Spatial localization data
######

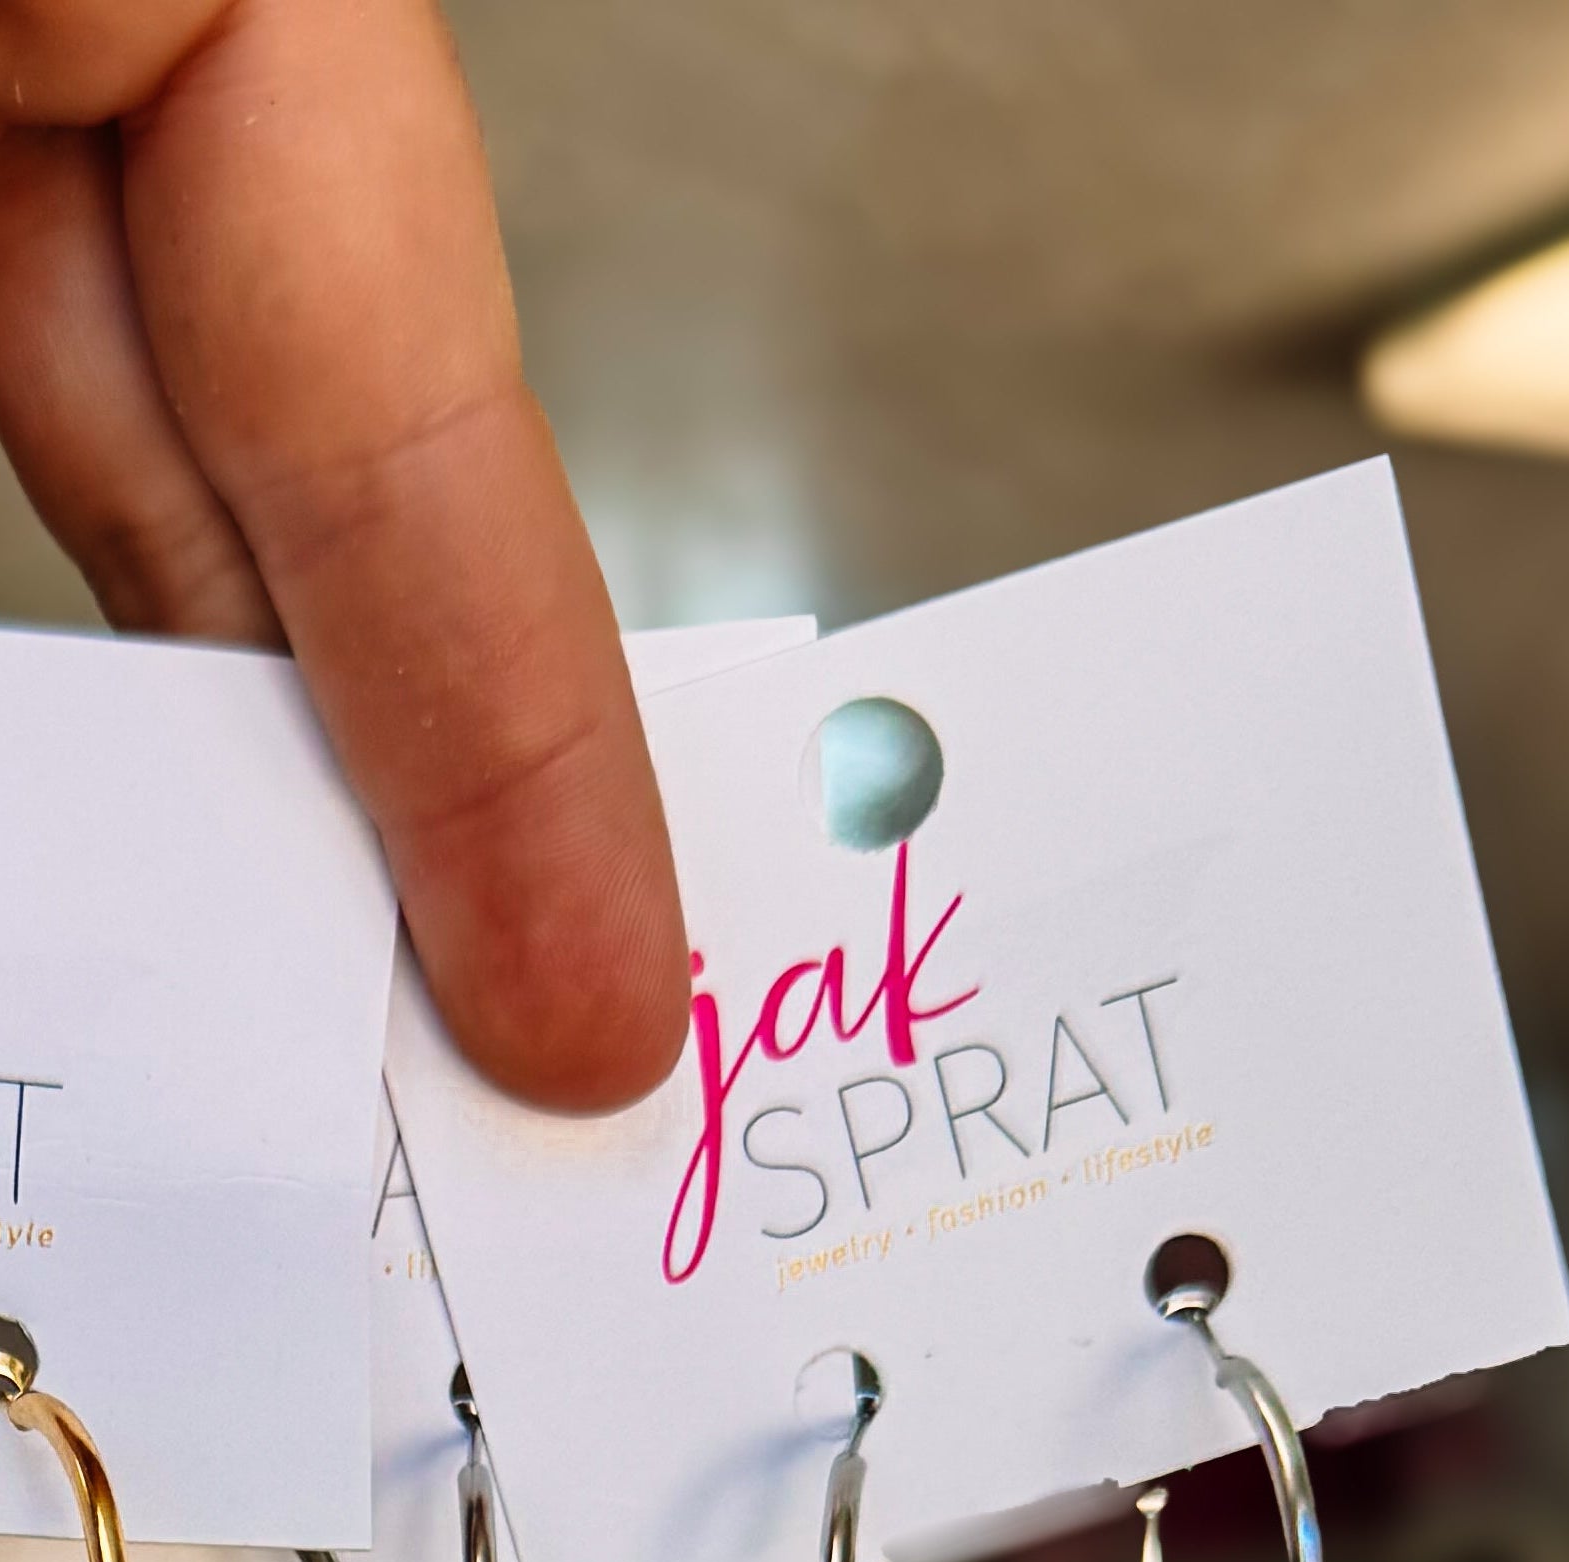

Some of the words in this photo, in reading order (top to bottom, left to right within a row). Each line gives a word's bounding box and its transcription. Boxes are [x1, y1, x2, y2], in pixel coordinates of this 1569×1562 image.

[662, 840, 980, 1284] jak
[743, 976, 1179, 1239] SPRAT
[773, 1226, 892, 1294] jewelry
[926, 1177, 1049, 1239] fashion
[1083, 1120, 1216, 1186] lifestyle
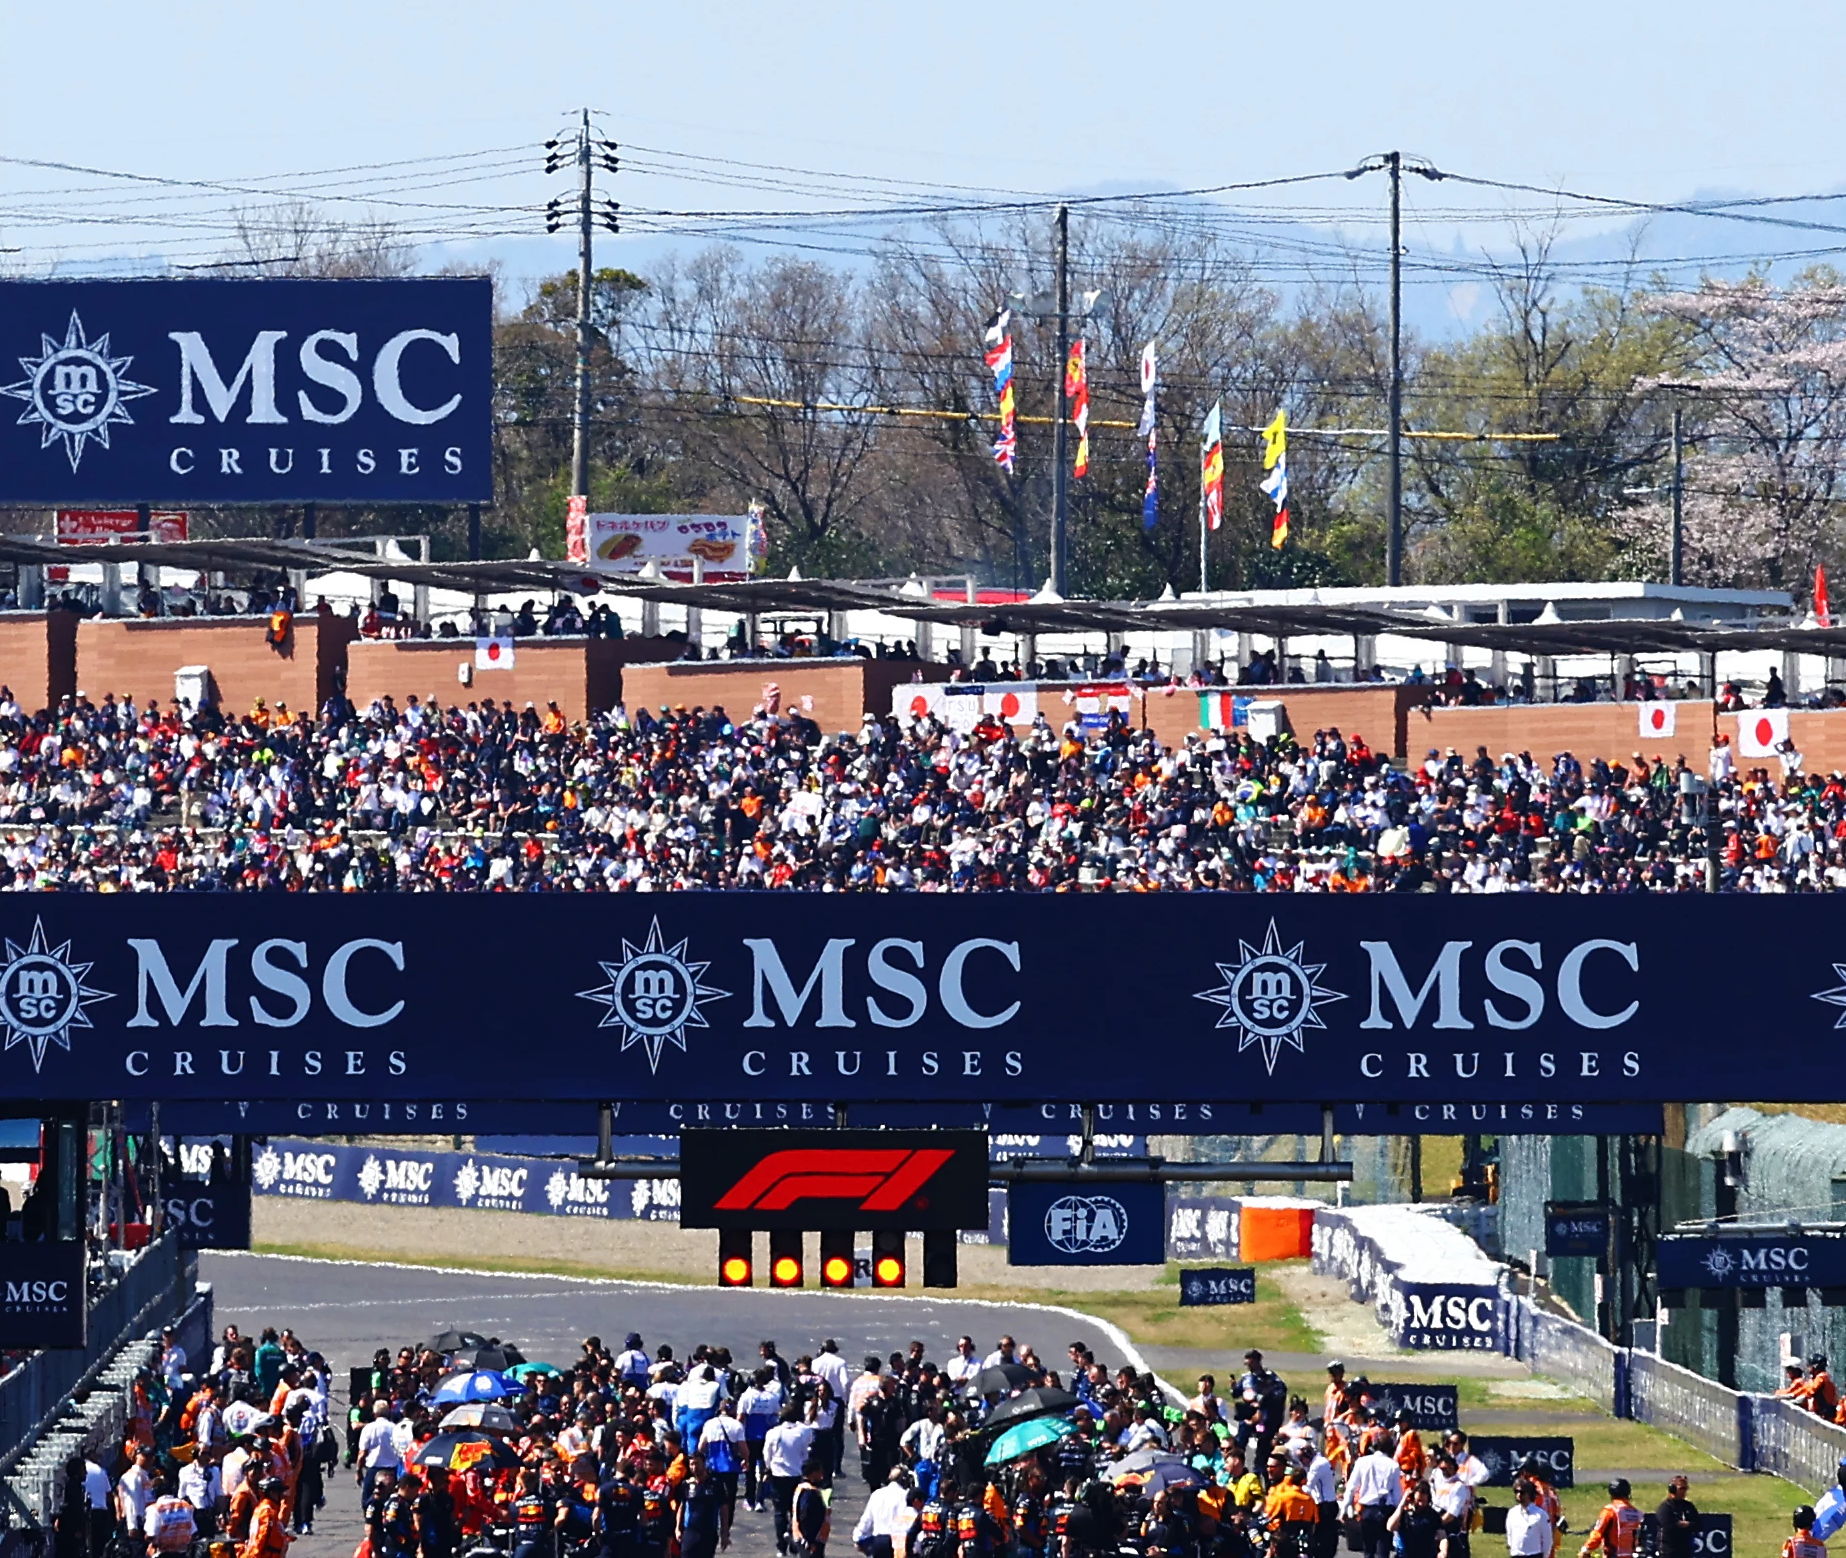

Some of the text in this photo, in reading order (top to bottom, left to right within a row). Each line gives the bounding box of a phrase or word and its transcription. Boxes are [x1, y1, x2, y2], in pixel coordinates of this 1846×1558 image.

[168, 328, 463, 425] MSC
[170, 447, 463, 475] CRUISES
[126, 938, 406, 1029] MSC
[742, 938, 1022, 1029] MSC
[1359, 939, 1640, 1030] MSC
[125, 1050, 407, 1076] CRUISES
[741, 1050, 1023, 1076] CRUISES
[1359, 1051, 1642, 1078] CRUISES
[297, 1102, 469, 1120] CRUISES
[669, 1102, 838, 1120] CRUISES
[1041, 1102, 1215, 1121] CRUISES
[1414, 1103, 1585, 1121] CRUISES
[282, 1151, 336, 1185] MSC
[384, 1159, 434, 1193] MSC
[481, 1165, 529, 1199] MSC
[1740, 1247, 1810, 1272] MSC
[6, 1280, 69, 1303] MSC
[1208, 1278, 1252, 1296] MSC
[1409, 1294, 1494, 1333] MSC
[1402, 1394, 1454, 1417] MSC
[1694, 1529, 1728, 1553] SC

######

*TASK PROMPT*:
A verbatim printout of the entries above is expected, free of pictures.

*RESPONSE*:
Some of the words in this photo, in reading order (top to bottom, left to right within a row). Each line gives a word's bounding box and its transcription. Boxes are [x1, y1, x2, y2], in pixel coordinates of this 1569×1562 image.

[662, 840, 980, 1284] jak
[743, 976, 1179, 1239] SPRAT
[773, 1226, 892, 1294] jewelry
[926, 1177, 1049, 1239] fashion
[1083, 1120, 1216, 1186] lifestyle

Some of the text in this photo, in reading order (top to bottom, left to right within a row). Each line gives the bounding box of a phrase or word and its transcription. Boxes are [x1, y1, x2, y2], in pixel coordinates of this 1846×1558 image.

[168, 328, 463, 425] MSC
[170, 447, 463, 475] CRUISES
[126, 938, 406, 1029] MSC
[742, 938, 1022, 1029] MSC
[1359, 939, 1640, 1030] MSC
[125, 1050, 407, 1076] CRUISES
[741, 1050, 1023, 1076] CRUISES
[1359, 1051, 1642, 1078] CRUISES
[297, 1102, 469, 1120] CRUISES
[669, 1102, 838, 1120] CRUISES
[1041, 1102, 1215, 1121] CRUISES
[1414, 1103, 1585, 1121] CRUISES
[282, 1151, 336, 1185] MSC
[384, 1159, 434, 1193] MSC
[481, 1165, 529, 1199] MSC
[1740, 1247, 1810, 1272] MSC
[6, 1280, 69, 1303] MSC
[1208, 1278, 1252, 1296] MSC
[1409, 1294, 1494, 1333] MSC
[1402, 1394, 1454, 1417] MSC
[1694, 1529, 1728, 1553] SC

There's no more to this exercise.